Automatic Coding of Occupations
Project duration: 01.01.2014 to 31.12.2016
Abstract
In recent years several German large-scale panel studies demonstrated the demand for the coding of open ended survey questions on respondents’ occupations (e. g. NEPS, SOEP and PASS). So far occupational coding in Germany is mostly done semi-automatically, employing dictionary approaches with subsequent manual coding of cases which could not be coded automatically.
Since the manual coding of occupations generates considerably higher costs than automatic coding, it is highly desirable from a survey cost perspective to increase the proportion of coding that can be done automatically. At the same time the quality of the coding is of paramount importance calling for close scrutiny. The quality of the automatic coding must at least match that of the manual coding if survey cost is not to be traded for survey error. From a total survey error perspective this would free resources formerly spent on the reduction of processing error and offer the opportunity of employing those resources to reduce other error sources.

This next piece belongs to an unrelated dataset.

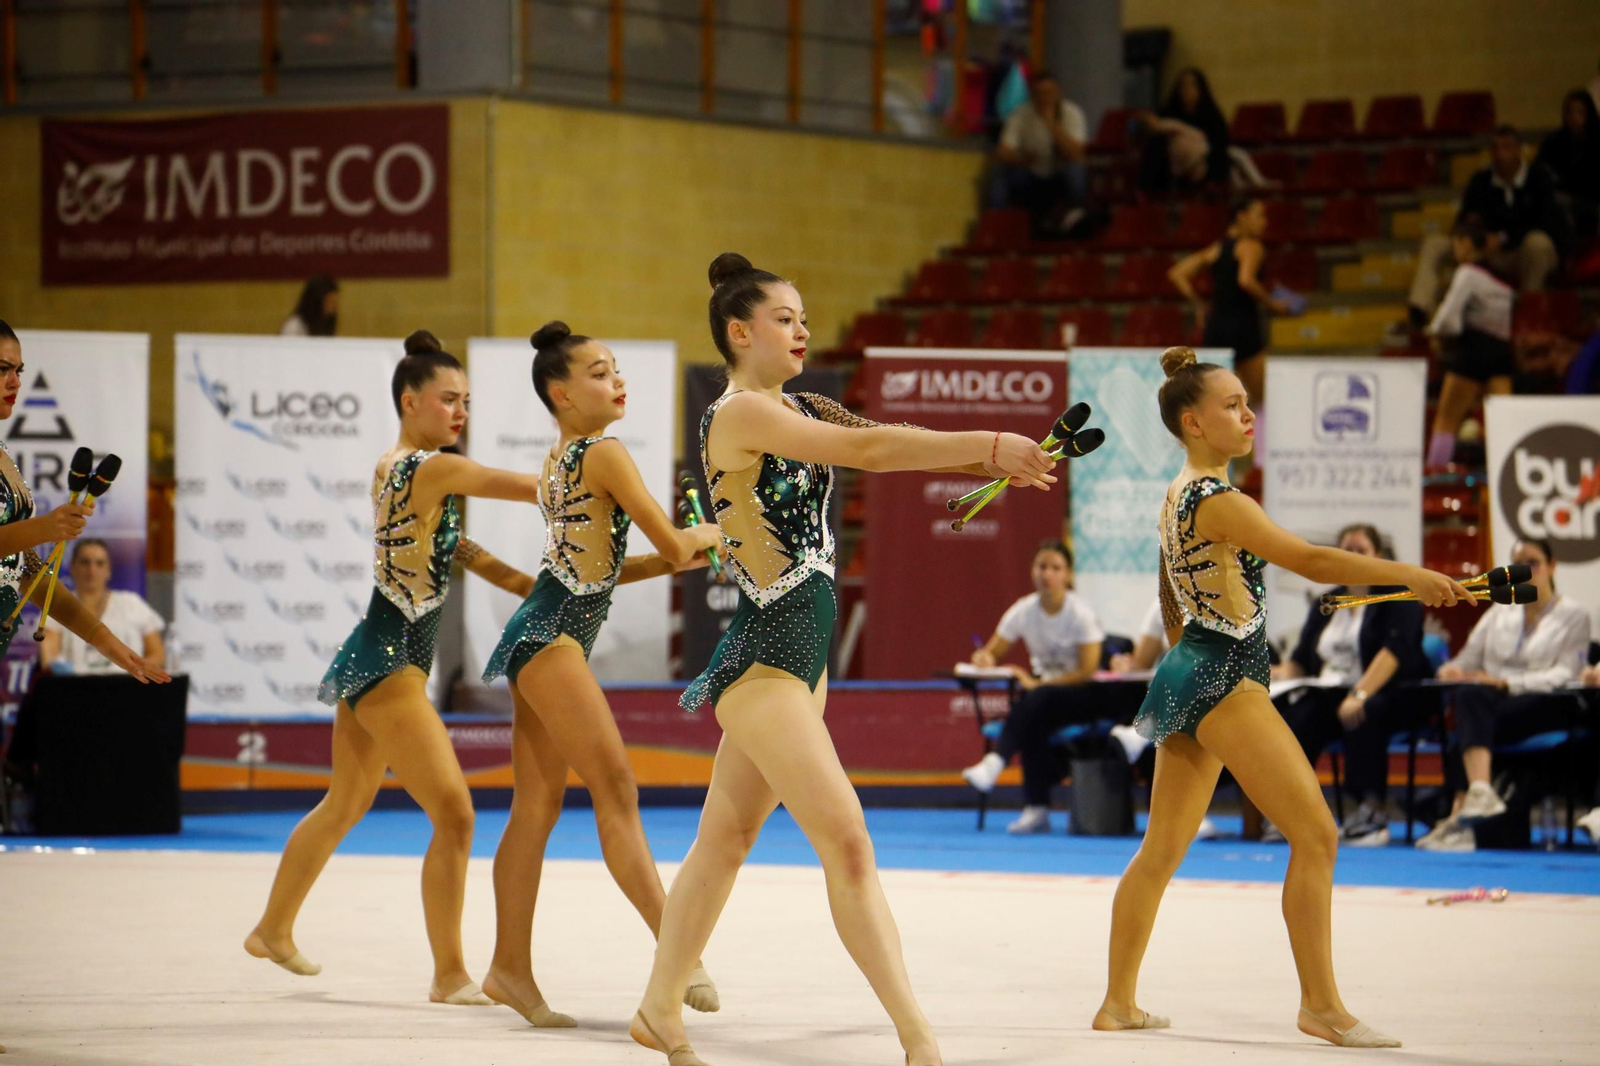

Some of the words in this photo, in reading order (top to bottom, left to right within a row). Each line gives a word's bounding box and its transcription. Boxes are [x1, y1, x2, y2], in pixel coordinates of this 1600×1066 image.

In contrast to dictionary approaches, which are mainly used for automatic occupational coding in German surveys, we will employ different machine learning algorithms (e. g. naïve bayes or k-nearest-neighbours) for the task. Since we have a substantial amount of manually coded occupations from recent studies at our disposal we will use these as training data for the automatic classification. This enables us to evaluate the performance as well as the quality – and hence the feasibility – of machine learning algorithms for the task of automatic coding of open ended survey questions on occupations.